** Opening AVAILABLE RECORDS block **
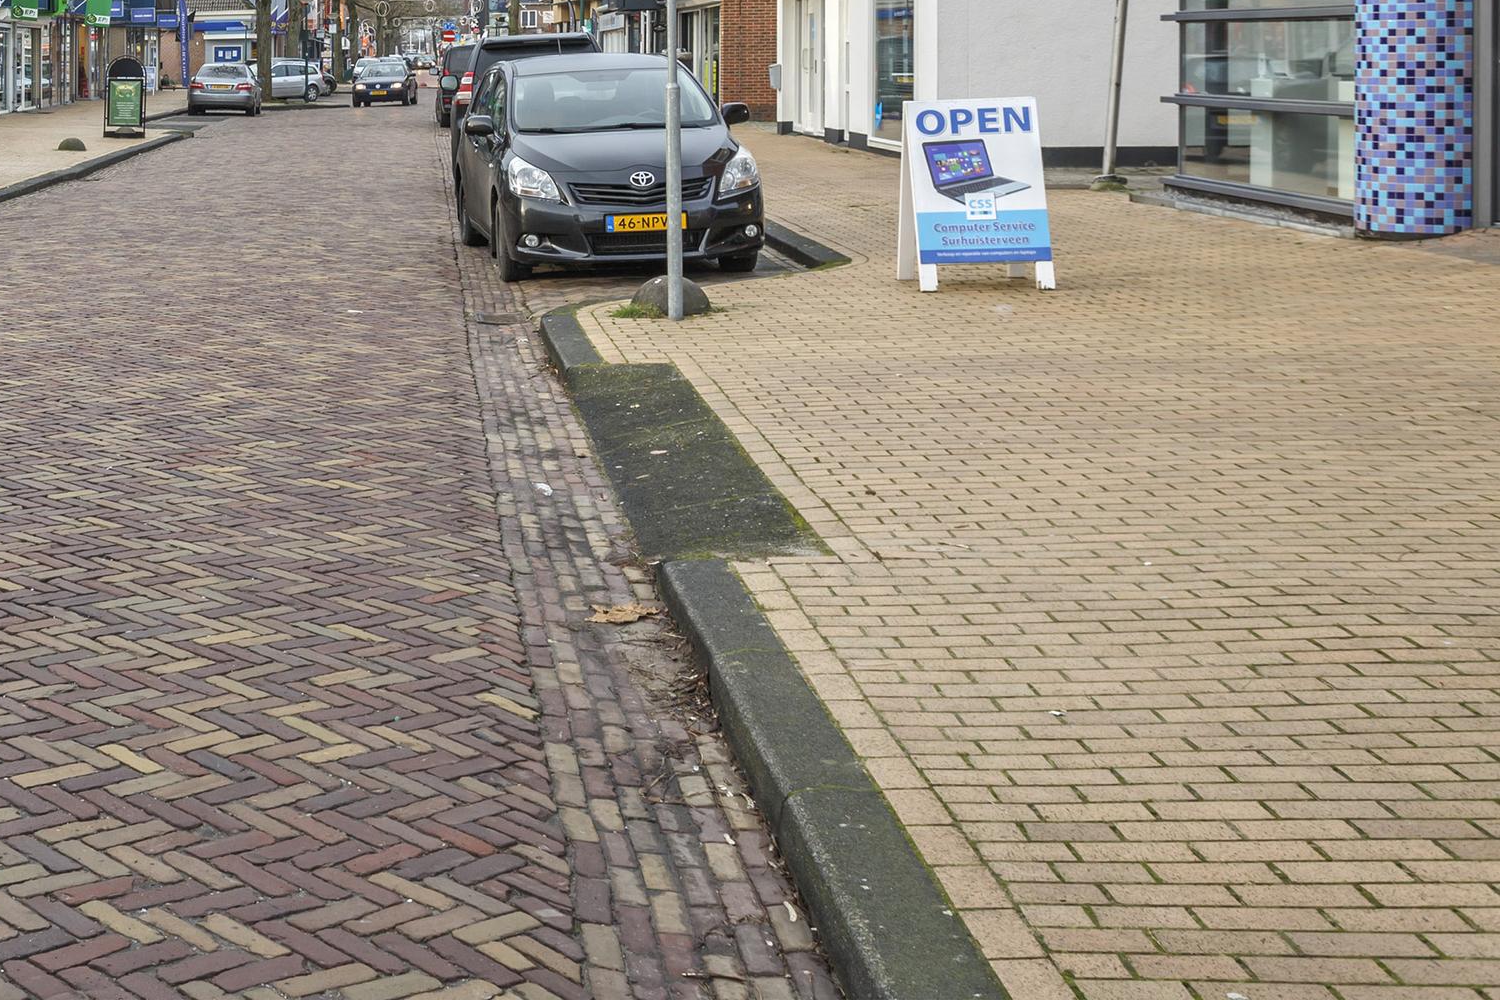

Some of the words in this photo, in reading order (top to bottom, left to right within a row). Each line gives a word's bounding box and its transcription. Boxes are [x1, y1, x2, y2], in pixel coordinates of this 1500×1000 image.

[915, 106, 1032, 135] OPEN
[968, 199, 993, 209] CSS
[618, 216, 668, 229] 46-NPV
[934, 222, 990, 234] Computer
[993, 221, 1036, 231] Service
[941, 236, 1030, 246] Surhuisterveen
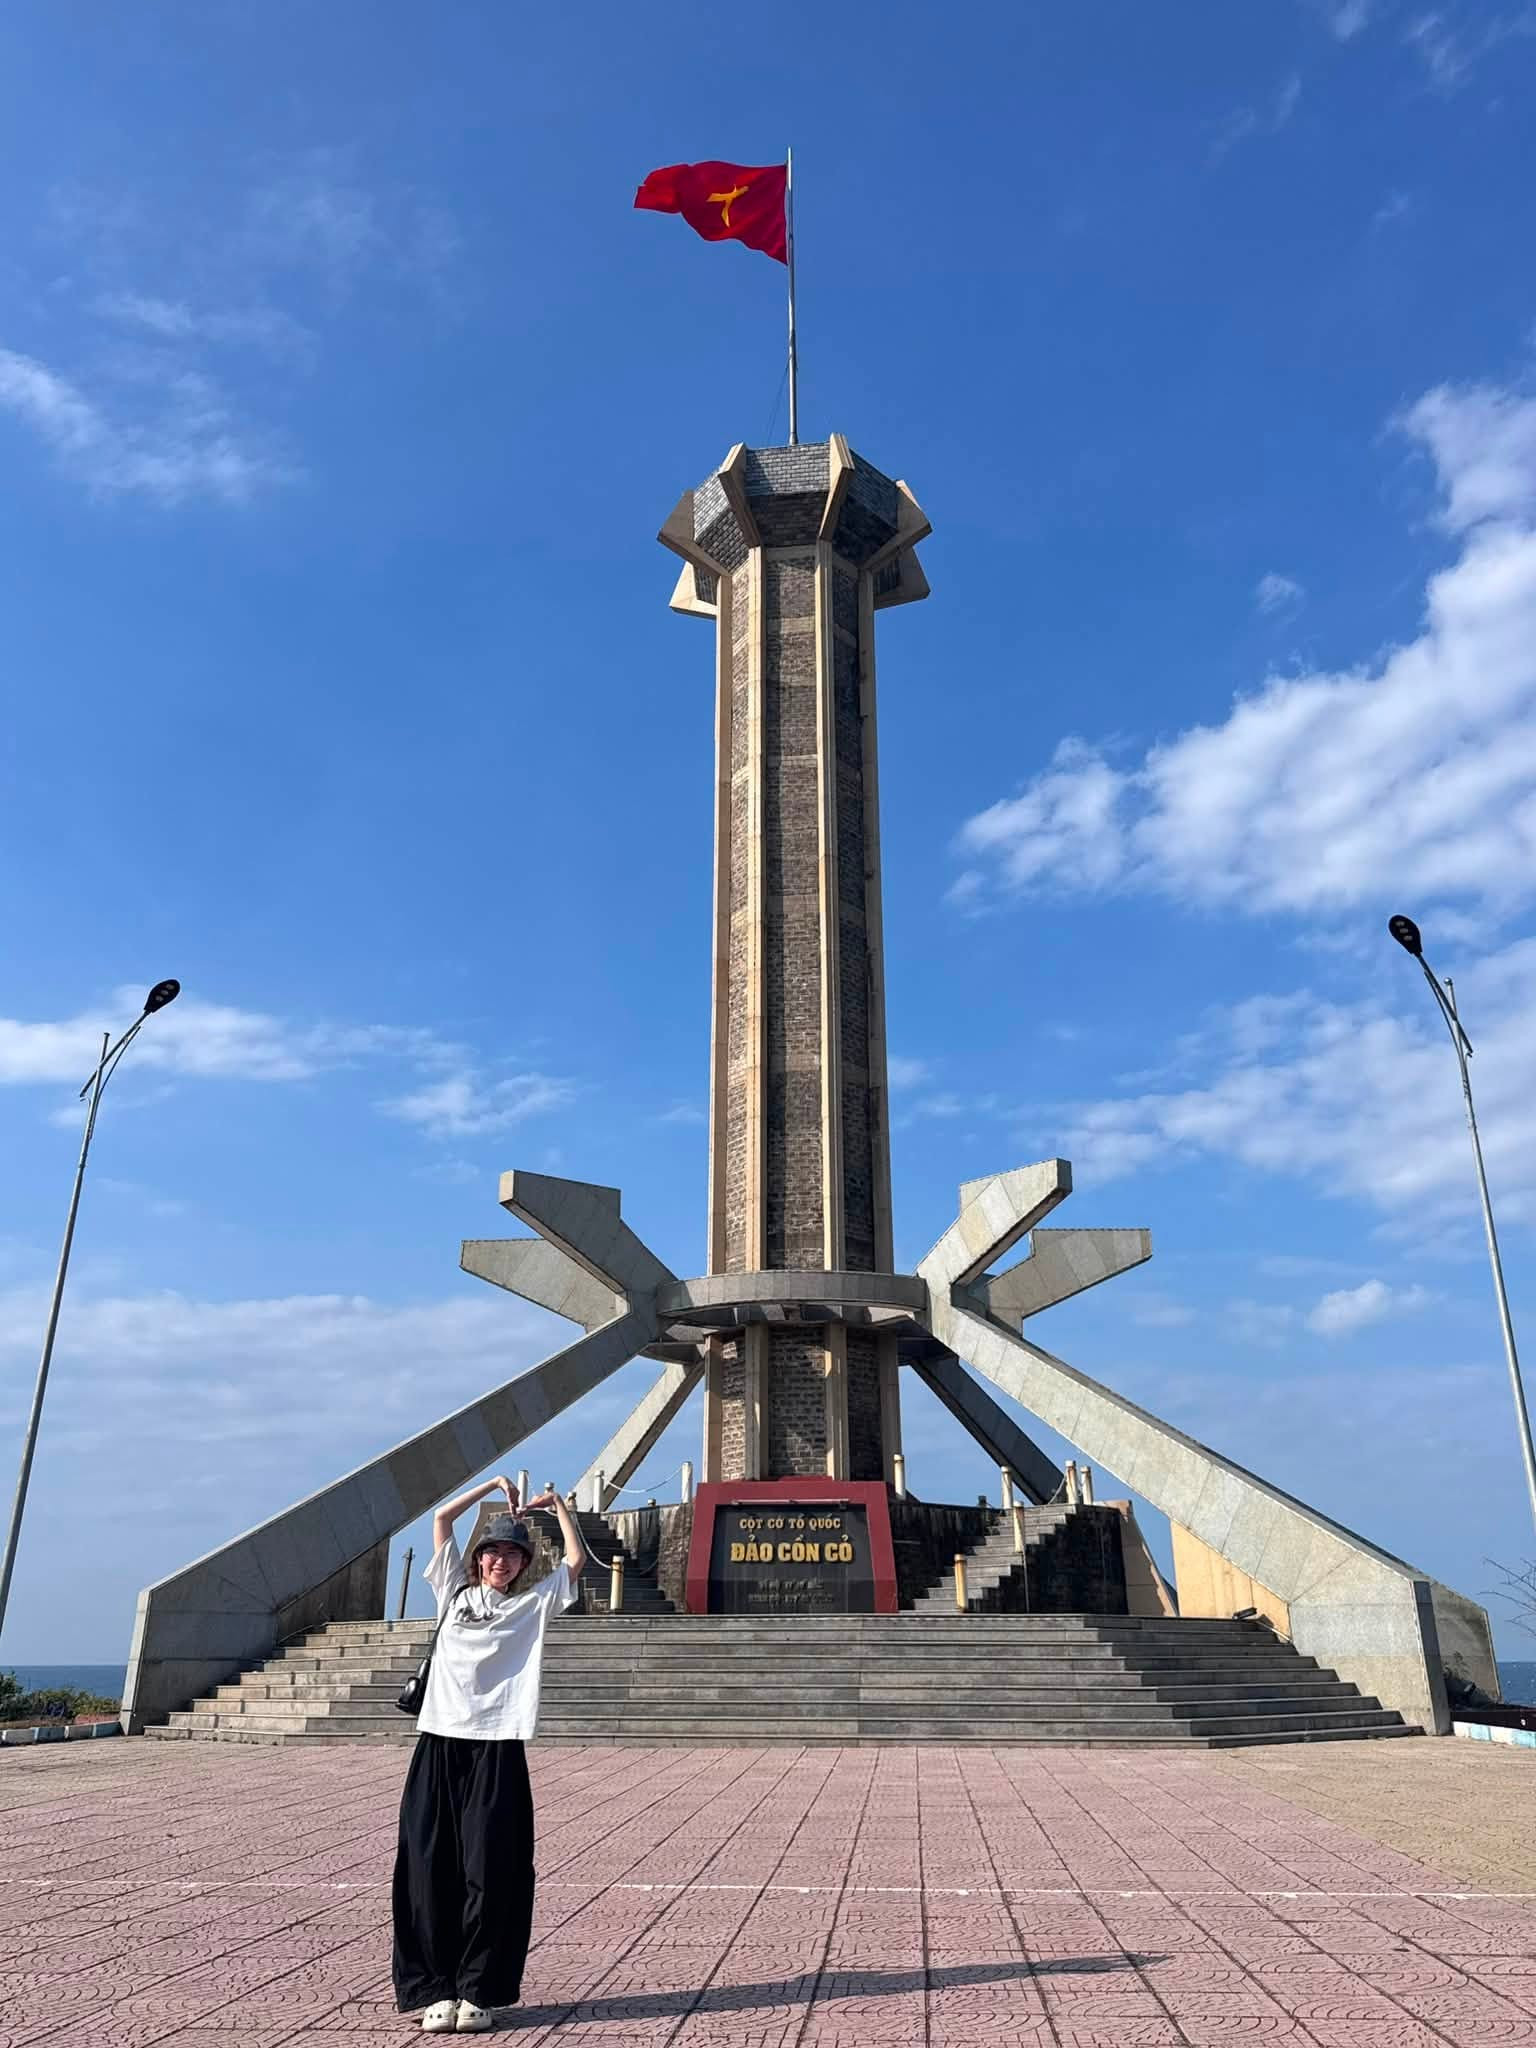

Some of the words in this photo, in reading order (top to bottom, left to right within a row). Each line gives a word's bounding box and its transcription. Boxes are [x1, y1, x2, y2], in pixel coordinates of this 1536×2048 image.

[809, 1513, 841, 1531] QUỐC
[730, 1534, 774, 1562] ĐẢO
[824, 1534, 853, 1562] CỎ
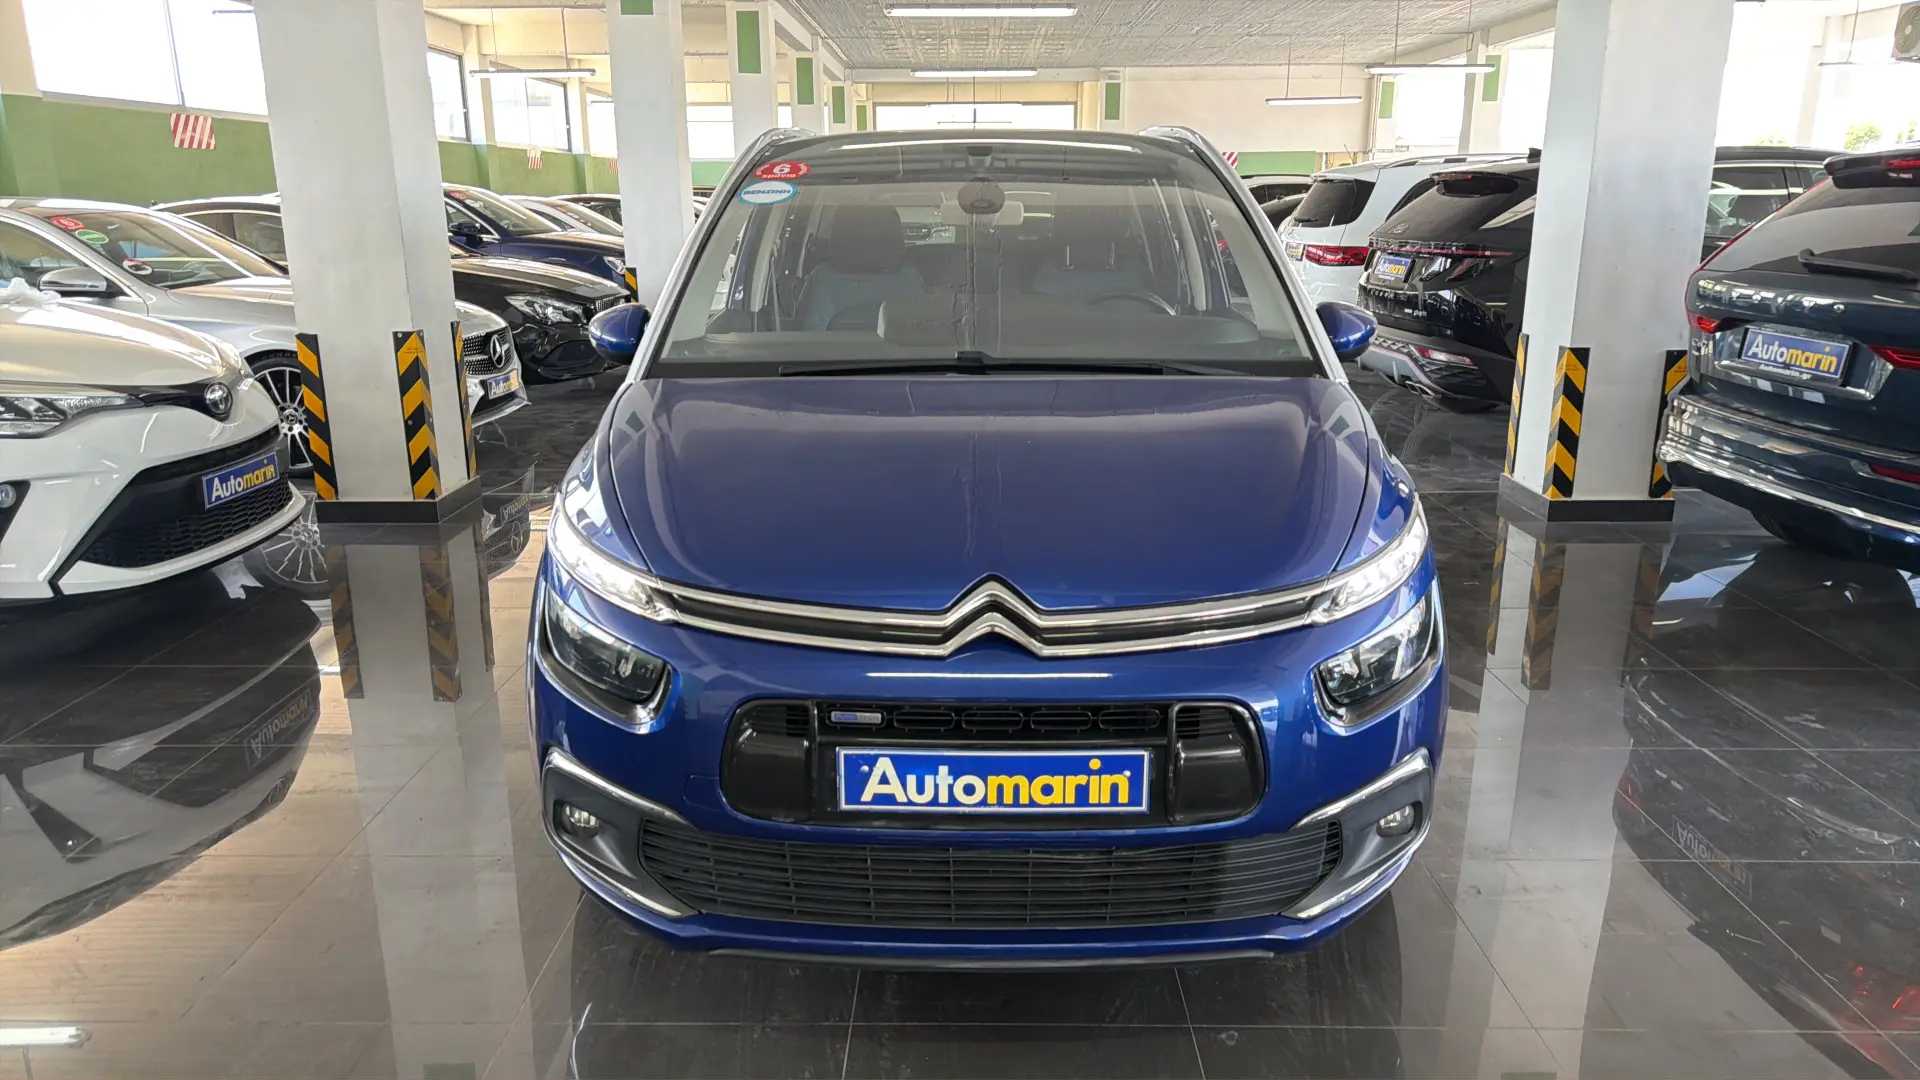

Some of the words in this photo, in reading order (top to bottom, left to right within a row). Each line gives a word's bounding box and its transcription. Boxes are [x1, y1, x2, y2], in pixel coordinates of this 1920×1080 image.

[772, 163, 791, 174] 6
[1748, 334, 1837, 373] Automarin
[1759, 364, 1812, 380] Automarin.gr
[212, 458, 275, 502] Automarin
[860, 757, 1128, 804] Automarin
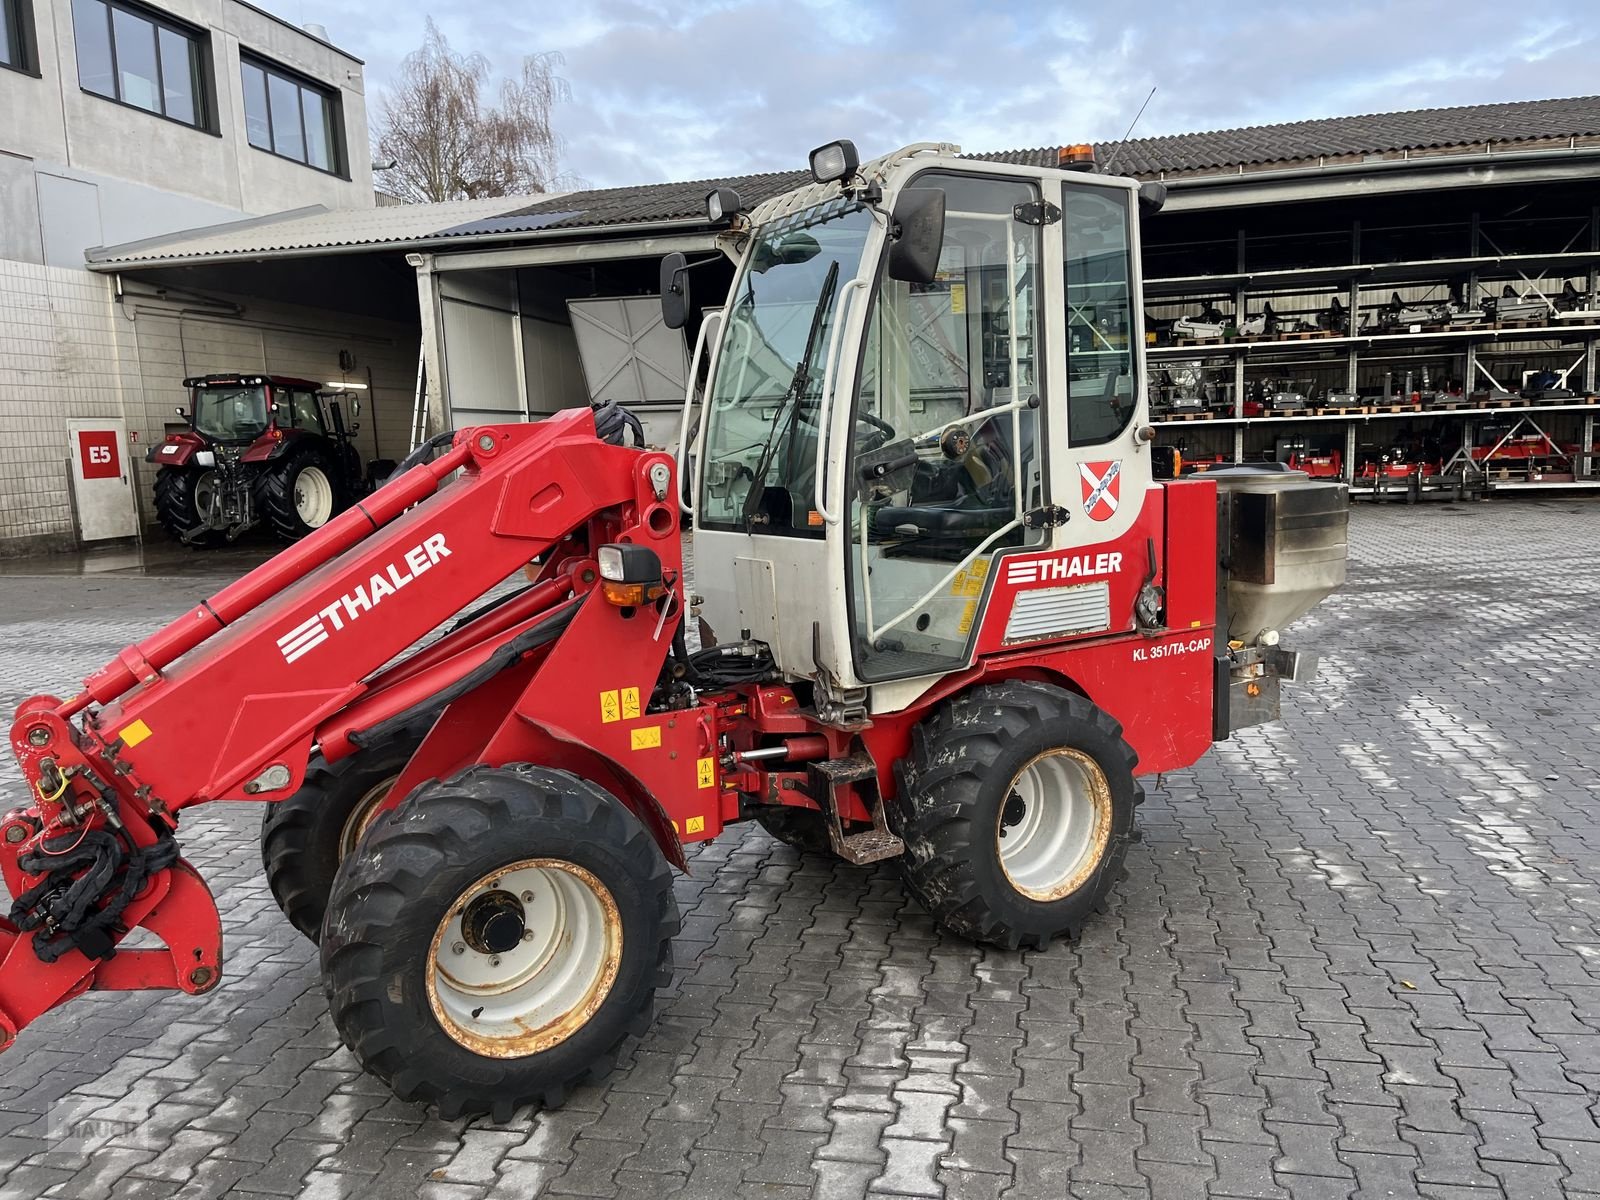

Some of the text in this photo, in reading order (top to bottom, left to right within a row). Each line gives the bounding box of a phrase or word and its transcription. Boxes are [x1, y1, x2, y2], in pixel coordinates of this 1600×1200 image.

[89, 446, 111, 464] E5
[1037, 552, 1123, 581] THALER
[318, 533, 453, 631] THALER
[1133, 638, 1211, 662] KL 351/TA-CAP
** Closing AVAILABLE RECORDS block **
WHAT NEEDS TO BE DONE: Copy the listing above verbatim; the pictures it contains are to stay out.

SOLUTION FOR THIS TASK:
Some of the words in this photo, in reading order (top to bottom, left to right within a row). Each line gives a word's bounding box and its transcription. Boxes are [x1, y1, x2, y2], in pixel coordinates of this 1500×1000 image.

[915, 106, 1032, 135] OPEN
[968, 199, 993, 209] CSS
[618, 216, 668, 229] 46-NPV
[934, 222, 990, 234] Computer
[993, 221, 1036, 231] Service
[941, 236, 1030, 246] Surhuisterveen

Some of the words in this photo, in reading order (top to bottom, left to right within a row). Each line gives a word's bounding box and its transcription. Boxes are [x1, y1, x2, y2], in pixel coordinates of this 1536×2048 image.

[809, 1513, 841, 1531] QUỐC
[730, 1534, 774, 1562] ĐẢO
[824, 1534, 853, 1562] CỎ

Some of the words in this photo, in reading order (top to bottom, left to right within a row). Each line gives a word's bounding box and its transcription. Boxes are [x1, y1, x2, y2], in pixel coordinates of this 1920×1080 image.

[772, 163, 791, 174] 6
[1748, 334, 1837, 373] Automarin
[1759, 364, 1812, 380] Automarin.gr
[212, 458, 275, 502] Automarin
[860, 757, 1128, 804] Automarin

Some of the text in this photo, in reading order (top to bottom, left to right within a row). Each line gives the bounding box of a phrase or word and its transcription. Boxes are [x1, y1, x2, y2], in pixel coordinates of this 1600×1200 image.

[89, 446, 111, 464] E5
[1037, 552, 1123, 581] THALER
[318, 533, 453, 631] THALER
[1133, 638, 1211, 662] KL 351/TA-CAP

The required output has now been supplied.